Annotated photo localization data:
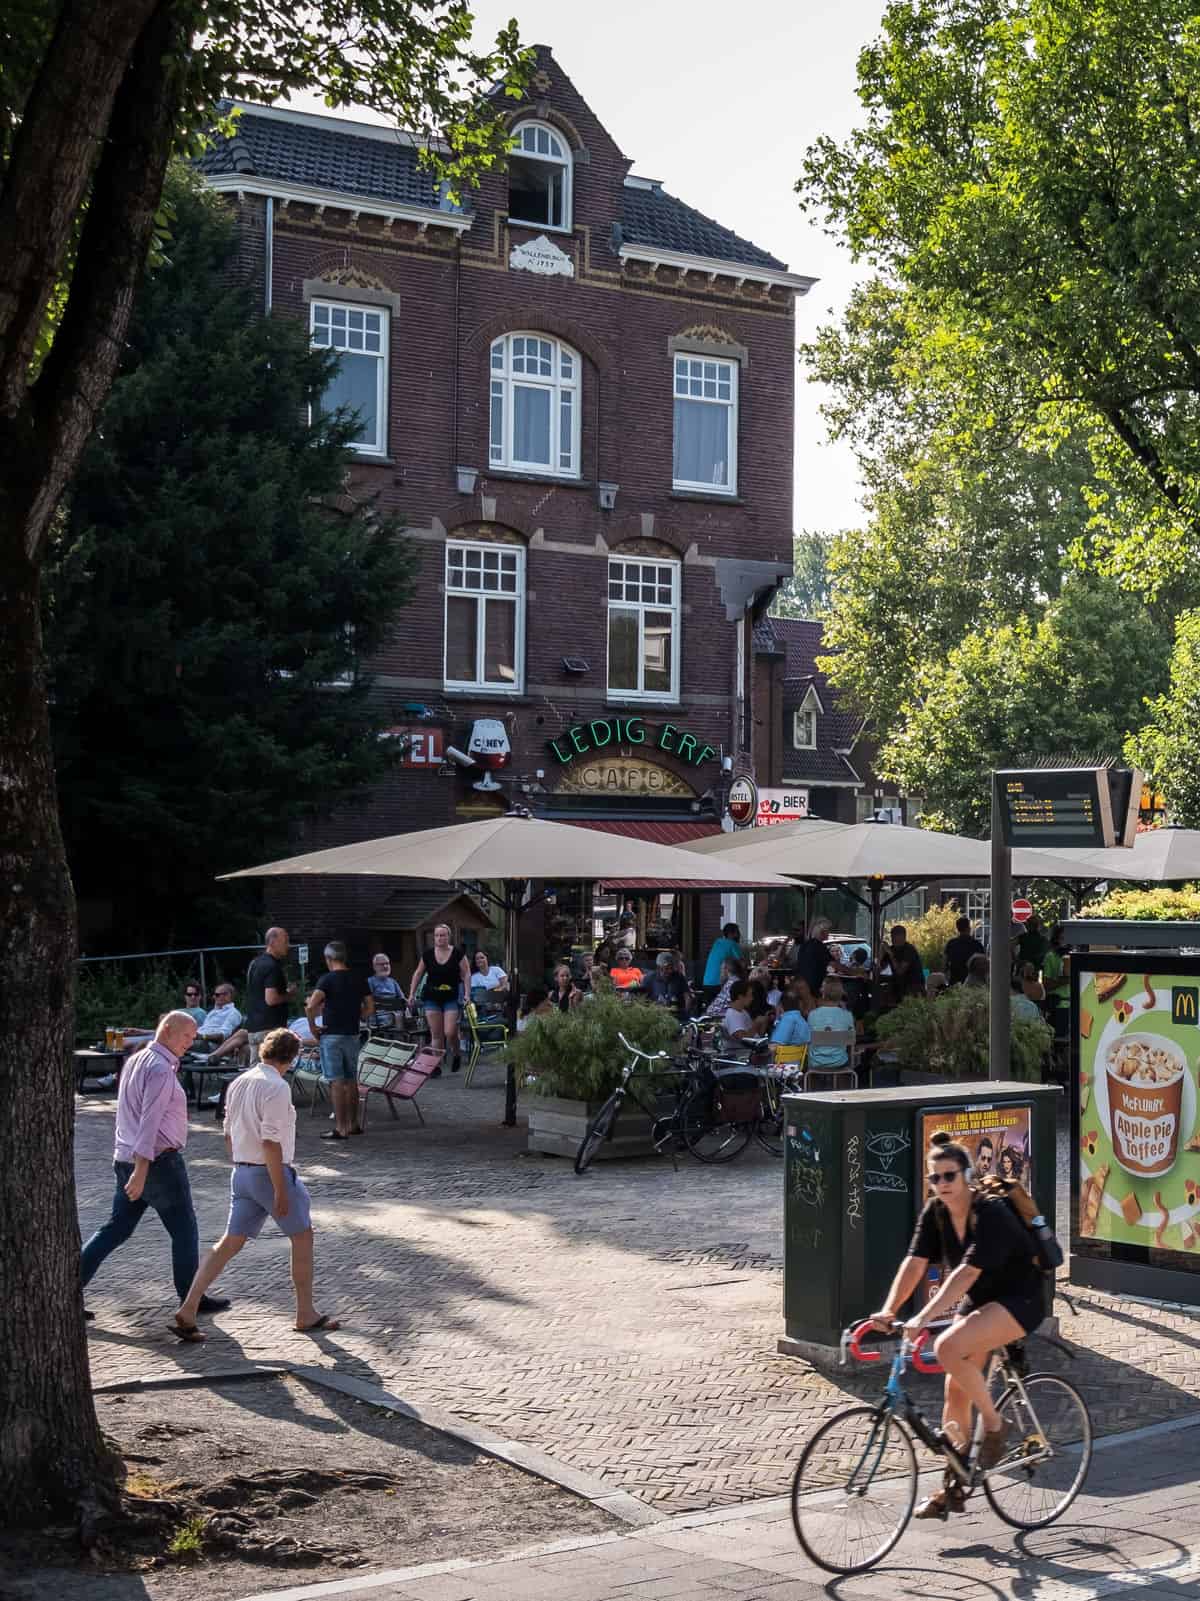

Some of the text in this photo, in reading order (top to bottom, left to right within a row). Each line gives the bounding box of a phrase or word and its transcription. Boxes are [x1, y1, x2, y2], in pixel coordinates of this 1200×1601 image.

[552, 717, 716, 766] LEDIG ERF
[783, 795, 806, 809] BIER
[757, 816, 769, 826] DE
[1117, 1116, 1151, 1140] Apple
[1126, 1139, 1165, 1160] Toffee
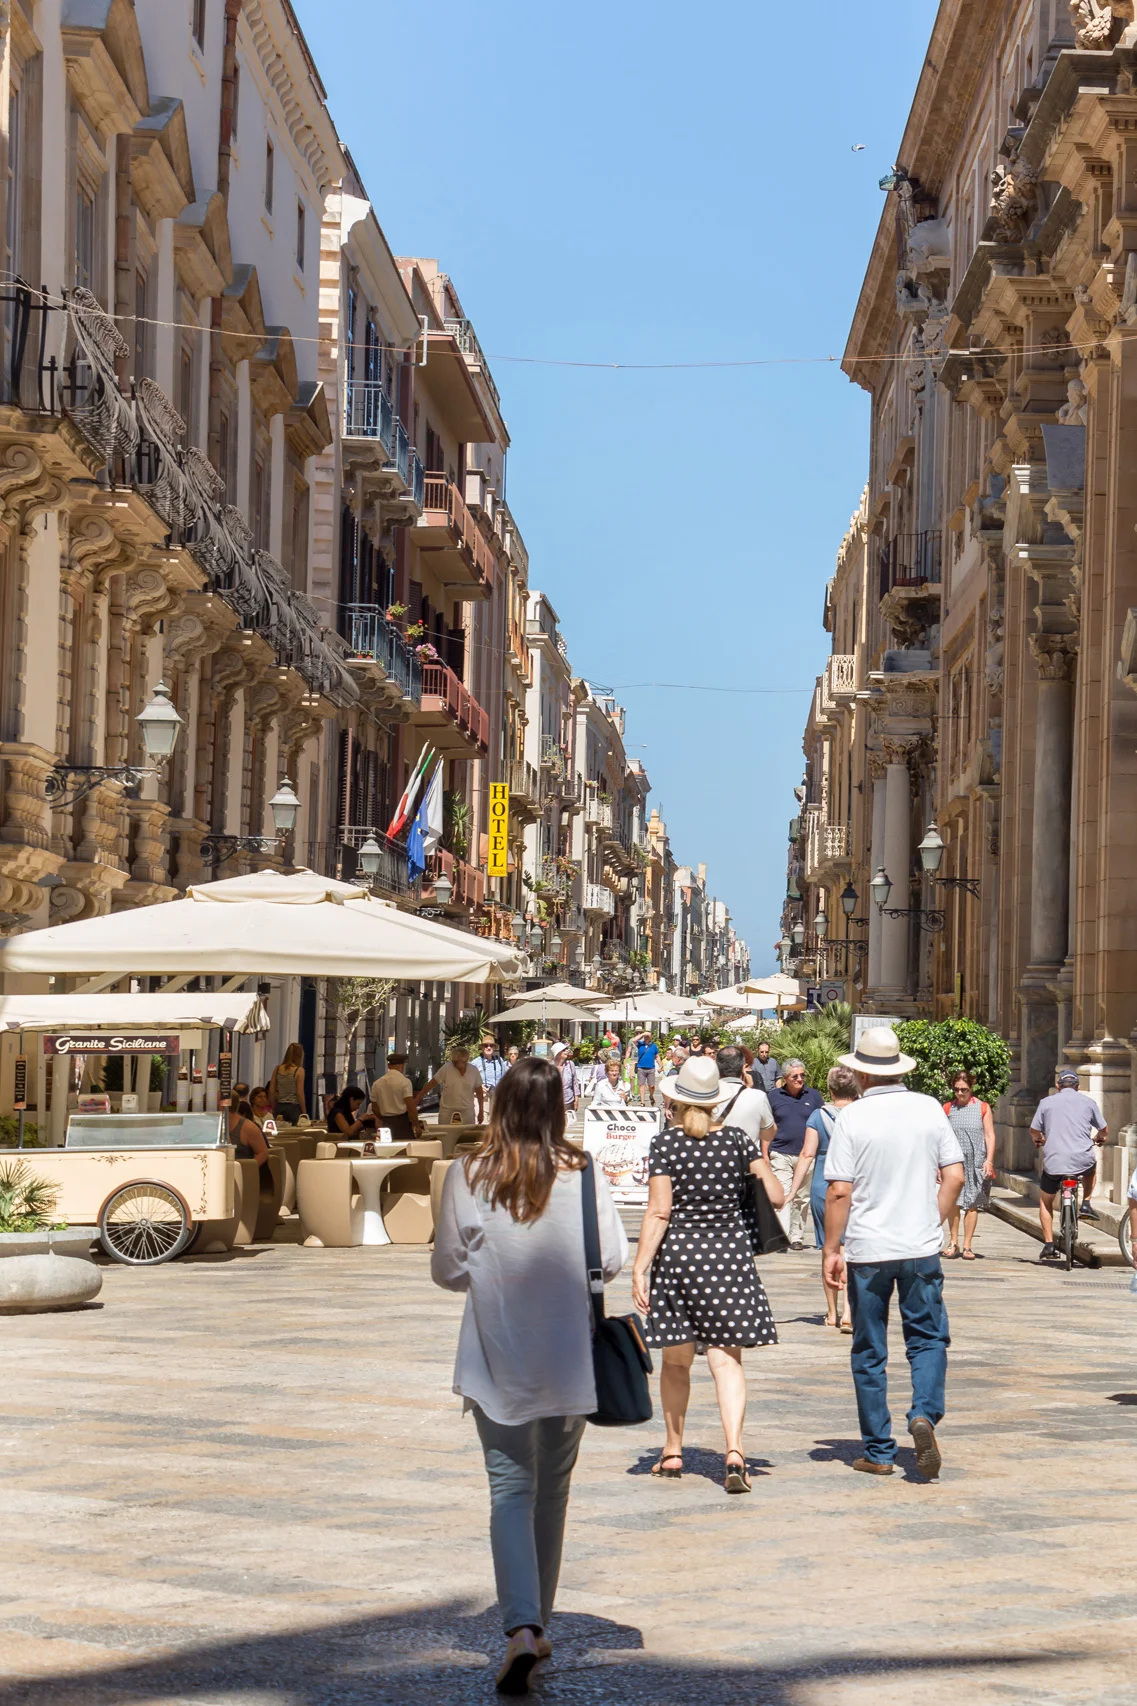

— Exercise —
Repeat each entry exactly as given; no pictures belong in the copy.

— Exercise answer —
Some of the text in this photo, in reading order (top to bottom, left to right within a row). Each line gives the bounding box of a phrase or word and its transcription. Boxes are [x1, y1, x2, y2], in pixel coordinates of this 1200×1601 image.

[552, 717, 716, 766] LEDIG ERF
[783, 795, 806, 809] BIER
[757, 816, 769, 826] DE
[1117, 1116, 1151, 1140] Apple
[1126, 1139, 1165, 1160] Toffee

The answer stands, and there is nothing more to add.